[linux-audio-dev] [i686] xmm regs + gcc inline assembly

Tim Goetze tim at quitte.de
Fri Feb 13 00:38:25 UTC 2004


Simon Jenkins wrote:

>I can definitely get
>
>    asm ("movaps %%xmm1 %0" : "=m" (t[0]));
>
>to exhibit the optimisation problem (the one I couldn't get your
>original line to show) and then fix it again by removing the [0].
>
>I was getting a segfault on about 50% of compiles, as I modified
>the code, because the array was being aligned to 8 byte boundaries
>but not to 16 bytes. Declaring it as
>
>float t[4] __attribute__ ((aligned(16)));
>
>got rid of those. Note though that this attribute doesn't work for
>automatic variables.

ok, here is a distilled test of how i allocate and use the
instructions:

int main (int argc, char ** argv)
{
  char scratch [128 + 15];
  float f = 2.3;

  int s = (int) scratch;
  s &= 0xF;
  if (s)
    s = 16 - s;
  float * d = (float *) (((char *) scratch) + s);
  fprintf (stderr, "%p\n", d);

  asm ("movss %0, %%xmm0" : : "m" (f));
  asm ("shufps $0, %xmm0, %xmm0");
  asm ("movaps %%xmm0, %0" : "=m" (d[0]));

  printf ("%.2f %.2f %.2f %.2f\n", d[0], d[1], d[2], d[3]);
}

you'll agree that the program should print "2.30 2.30 2.30 2.30".
it does if you use "=m" (d[0]). if you say "=m" (d), it doesn't.

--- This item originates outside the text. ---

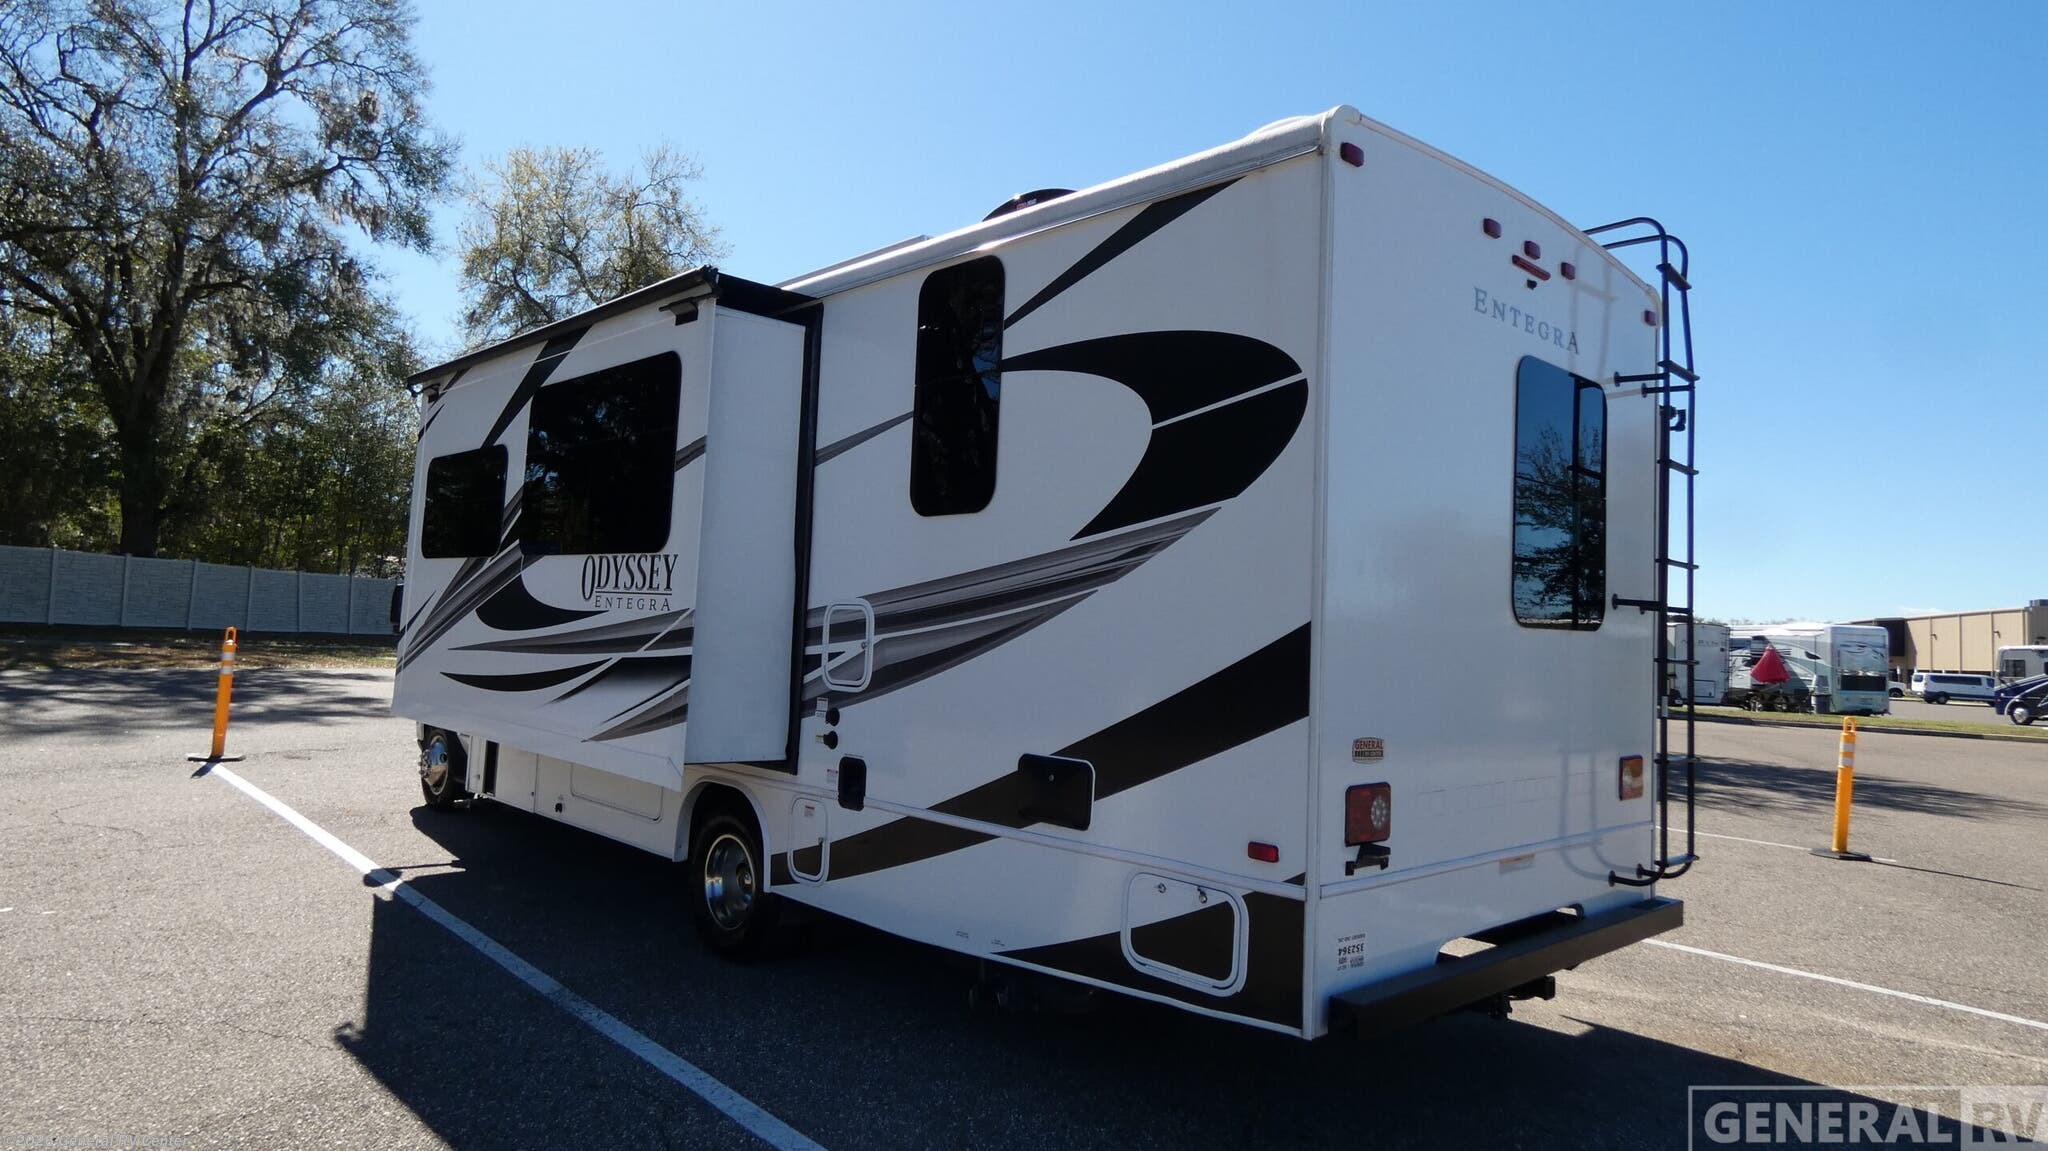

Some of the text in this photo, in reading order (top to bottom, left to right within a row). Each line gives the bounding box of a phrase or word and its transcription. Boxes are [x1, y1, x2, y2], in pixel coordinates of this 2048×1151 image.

here's what the assembly block compiles to with "=m" (d):

#APP
  movss -148(%ebp), %xmm0
  shufps $0, %xmm0, %xmm0
  movaps %xmm0, -156(%ebp)
#NO_APP

and here's with "=m" (d[0]):

#APP
  movss -148(%ebp), %xmm0
  shufps $0, %xmm0, %xmm0
#NO_APP
  movl -156(%ebp),%eax
#APP
  movaps %xmm0, (%eax)
#NO_APP

so saying "=m" (d) causes xmm0 to be written to &d, not d, as
intended. if &d isn't 128-bit aligned, it will segfault now.
even if it is, that's not where we wanted the numbers from xmm0
to go ...

tim



More information about the Linux-audio-dev mailing list